Danantara Analisis Ekspor SDA, Potensi Optimalisasi Capai Rp88,68 Triliun
Jakarta — PT Danantara Sumberdaya Indonesia (DSI) mengungkap potensi optimalisasi nilai ekspor sumber daya alam (SDA) Indonesia sekitar US$5 miliar atau setara Rp88,68 triliun per tahun. Potensi tersebut ditemukan melalui analisis data transaksi ekspor yang dilakukan DSI bersama sejumlah BUMN.

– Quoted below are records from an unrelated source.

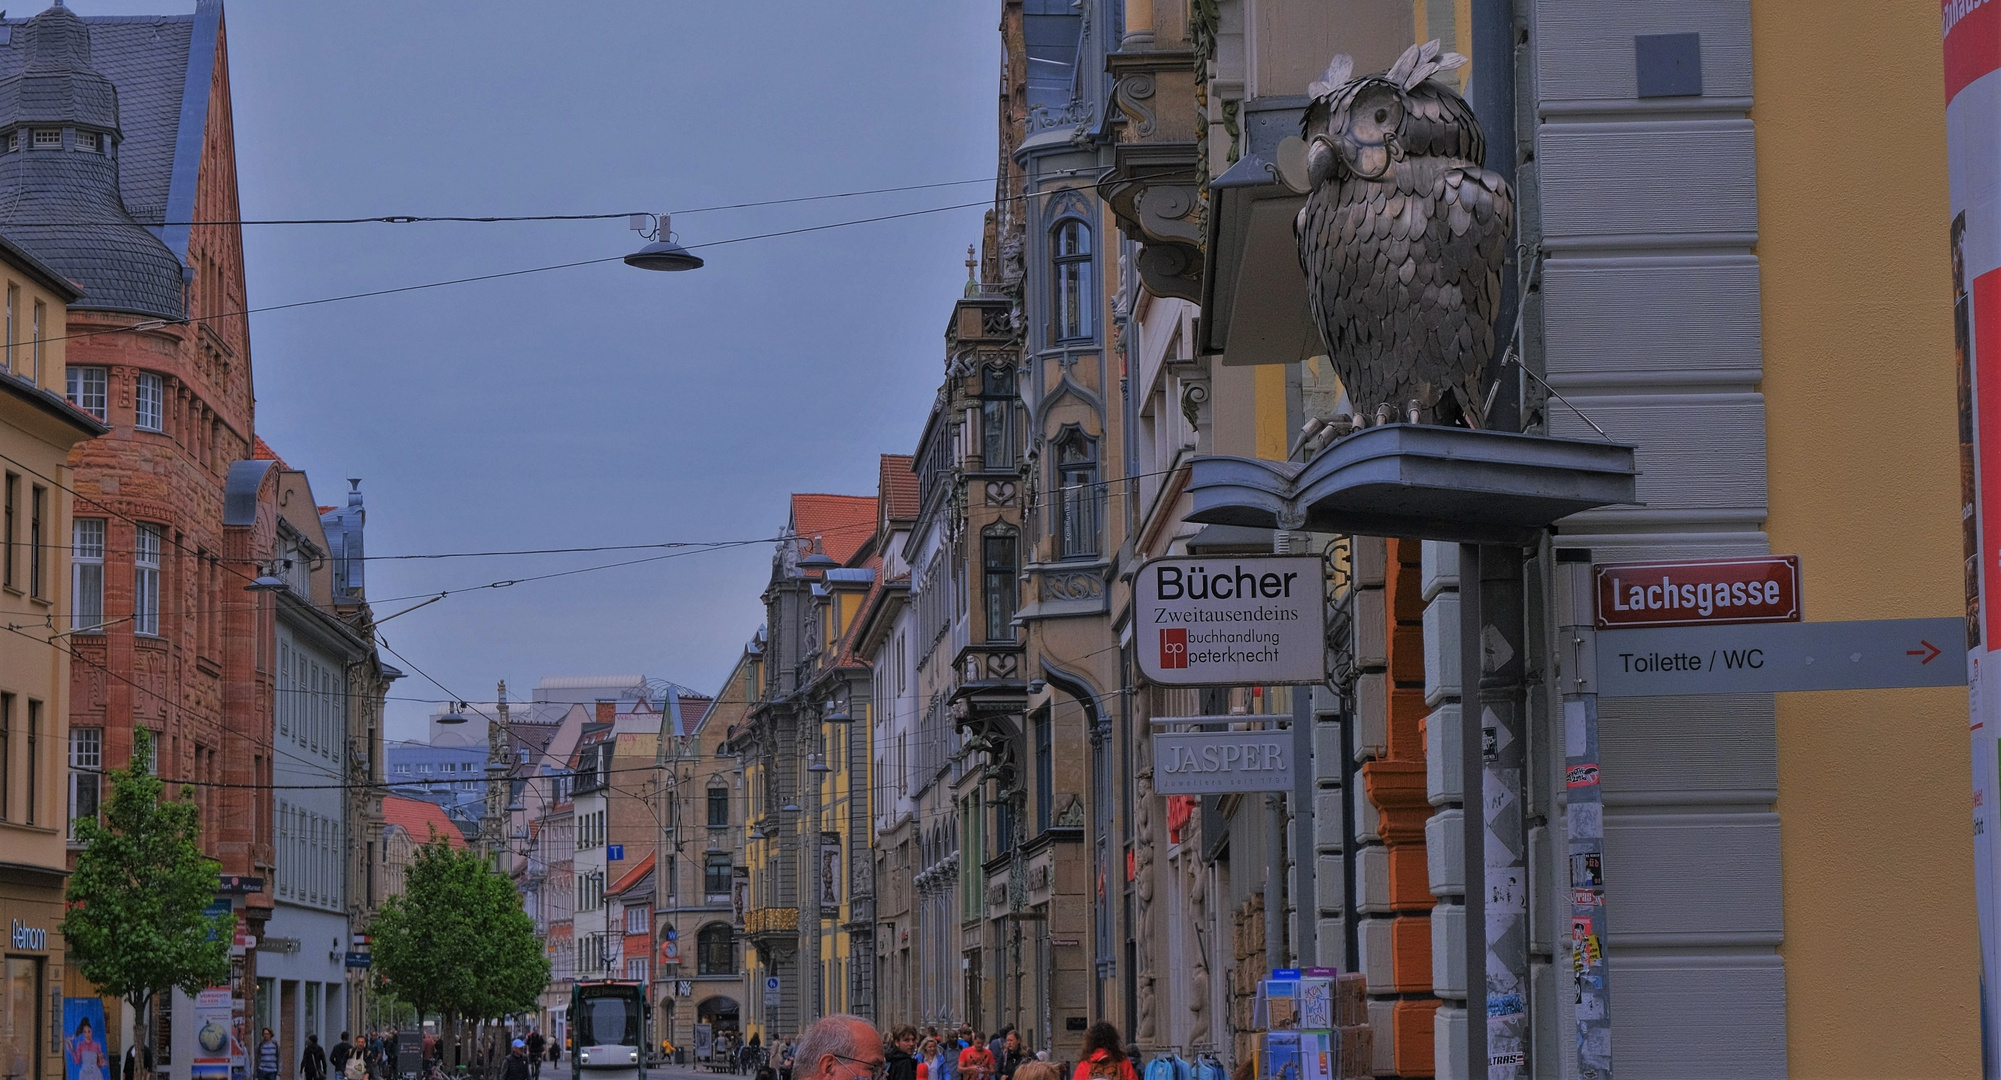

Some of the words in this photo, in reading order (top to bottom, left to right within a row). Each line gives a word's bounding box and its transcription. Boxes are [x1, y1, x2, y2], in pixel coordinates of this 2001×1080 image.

[1156, 565, 1297, 600] Bücher
[1613, 577, 1780, 616] Lachsgasse
[1154, 606, 1299, 624] Zweitausendeins
[1188, 628, 1280, 645] buchhandlung
[1188, 646, 1279, 667] peterknecht
[1619, 653, 1702, 673] Toilette
[1709, 650, 1717, 672] /
[1723, 649, 1764, 670] WC
[1164, 742, 1287, 774] JASPER
[1163, 778, 1223, 787] Juweliere
[1230, 777, 1253, 785] seit
[1260, 777, 1288, 785] 1797
[610, 845, 621, 860] T
[12, 918, 47, 951] fielmann
[1489, 1055, 1517, 1066] LTRAS

Direktur Utama DSI Luke Thomas Mahony mengatakan penguatan transparansi ekspor diperlukan untuk meningkatkan kredibilitas pasar komoditas Indonesia. Langkah tersebut juga ditujukan untuk mengidentifikasi potensi praktik seperti under-invoicing dan transfer pricing yang dapat mengurangi penerimaan negara.
Hingga 27 Agustus 2026, DSI telah menganalisis sekitar 6.500 Pemberitahuan Ekspor Barang (PEB) dengan total nilai ekspor lebih dari US$14 miliar atau sekitar Rp248,29 triliun. Ekspor tersebut mencakup volume lebih dari 90 juta ton dengan tujuan ke lebih dari 100 negara.

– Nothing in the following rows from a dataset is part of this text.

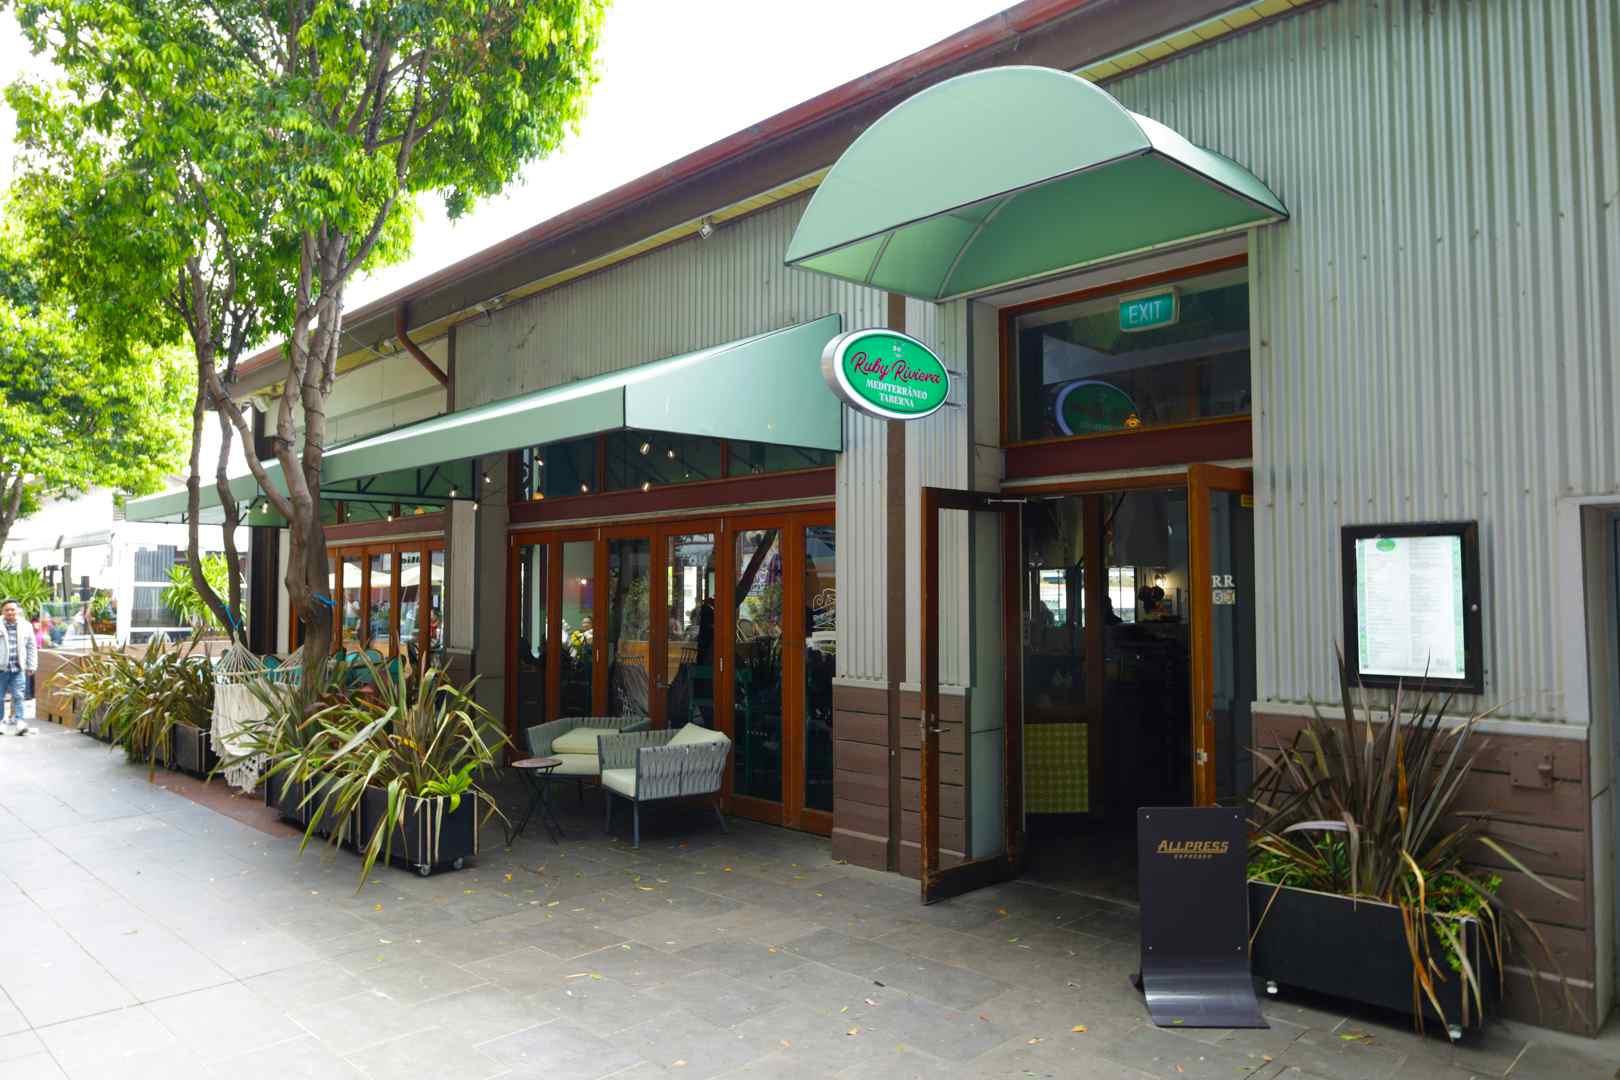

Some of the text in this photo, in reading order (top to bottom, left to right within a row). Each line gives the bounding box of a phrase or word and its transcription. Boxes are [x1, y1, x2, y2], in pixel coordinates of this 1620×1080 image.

[1129, 300, 1162, 323] EXIT
[850, 351, 888, 381] Ruby
[892, 359, 941, 383] Riviera
[880, 393, 915, 407] TABERNA
[1156, 840, 1230, 854] ALLPRESS
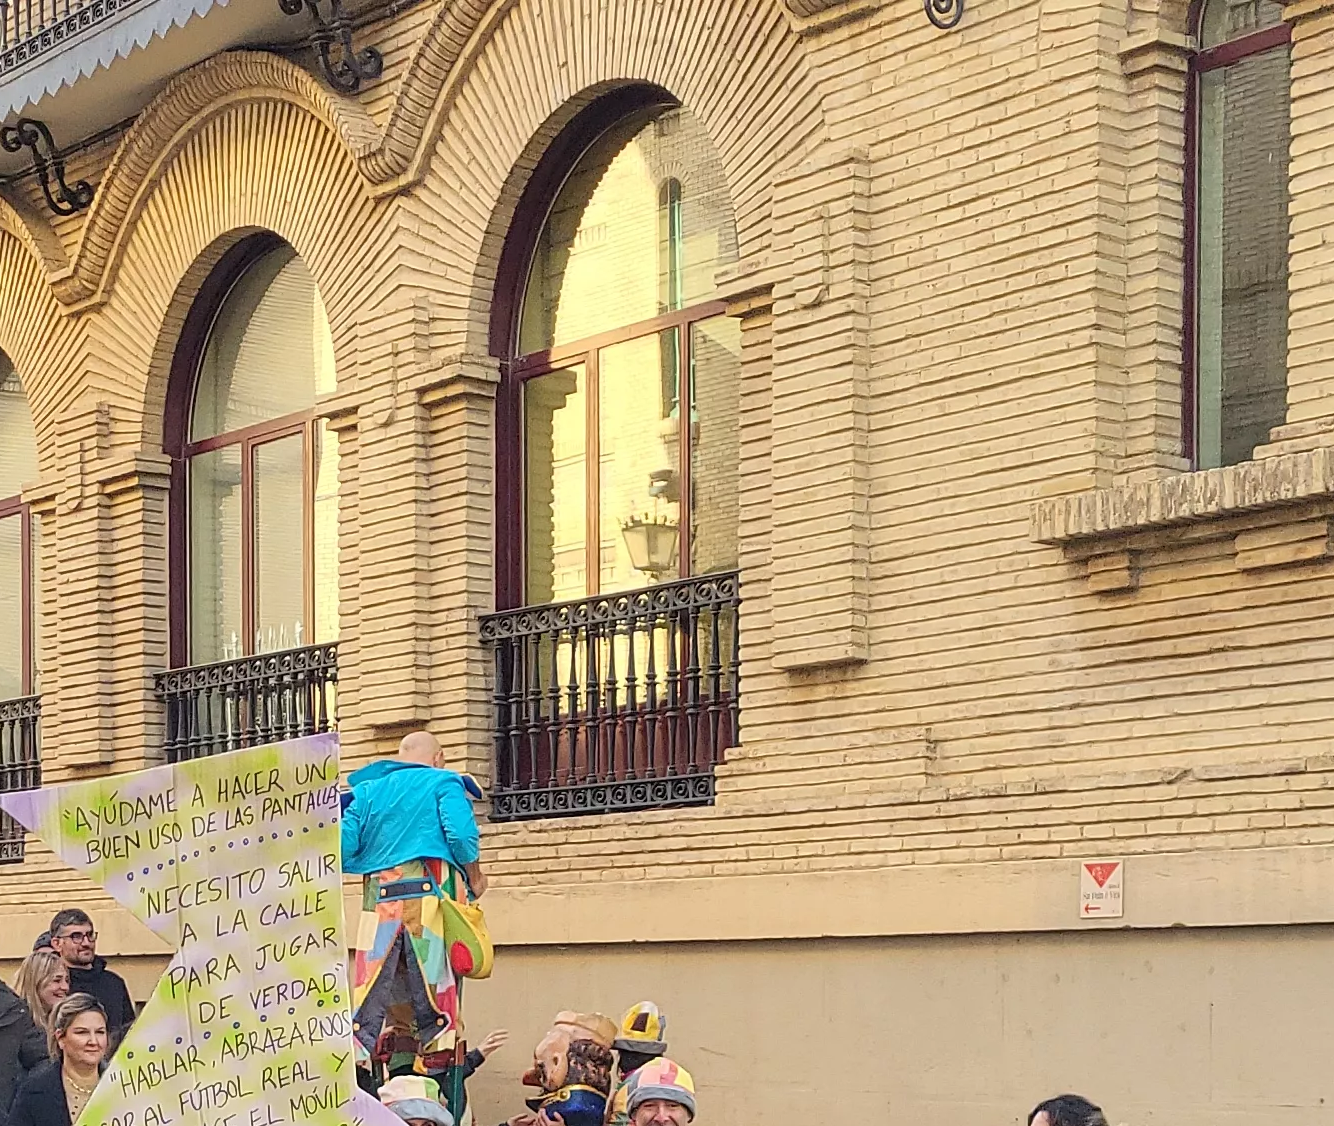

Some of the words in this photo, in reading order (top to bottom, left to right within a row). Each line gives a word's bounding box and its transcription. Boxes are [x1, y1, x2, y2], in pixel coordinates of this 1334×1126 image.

[191, 783, 206, 808] A
[217, 768, 286, 803] HACER
[295, 754, 332, 786] UN
[85, 829, 141, 865] BUEN
[149, 822, 183, 850] USO
[191, 812, 216, 838] DE
[225, 804, 255, 831] LAS
[278, 853, 338, 889] SALIR
[180, 923, 198, 947] A
[216, 909, 249, 937] LA
[259, 889, 329, 925] CALLE
[168, 953, 241, 999] PARA
[255, 927, 338, 971] JUGAR
[198, 994, 234, 1024] DE
[220, 1008, 353, 1064] ABRAZARNOS
[179, 1074, 254, 1117] FÚTBOL
[262, 1059, 320, 1092] REAL
[331, 1051, 350, 1073] Y

DSI menggabungkan data pemerintah dengan berbagai sumber lainnya untuk melihat pola transaksi dan menemukan kemungkinan anomali nilai ekspor. Selain pengawasan berbasis data, DSI juga berperan menghubungkan informasi antara pemerintah, produsen, pembeli, dan pasar guna meningkatkan kepastian pasokan serta daya saing komoditas Indonesia.
DSI mulai beroperasi pada 1 Juni 2026 dan pada tahap awal mencakup komoditas batu bara, kelapa sawit, serta ferroalloy. Lembaga tersebut menegaskan tidak mengambil alih kewenangan penindakan, perizinan, maupun regulasi yang tetap berada pada kementerian dan lembaga terkait.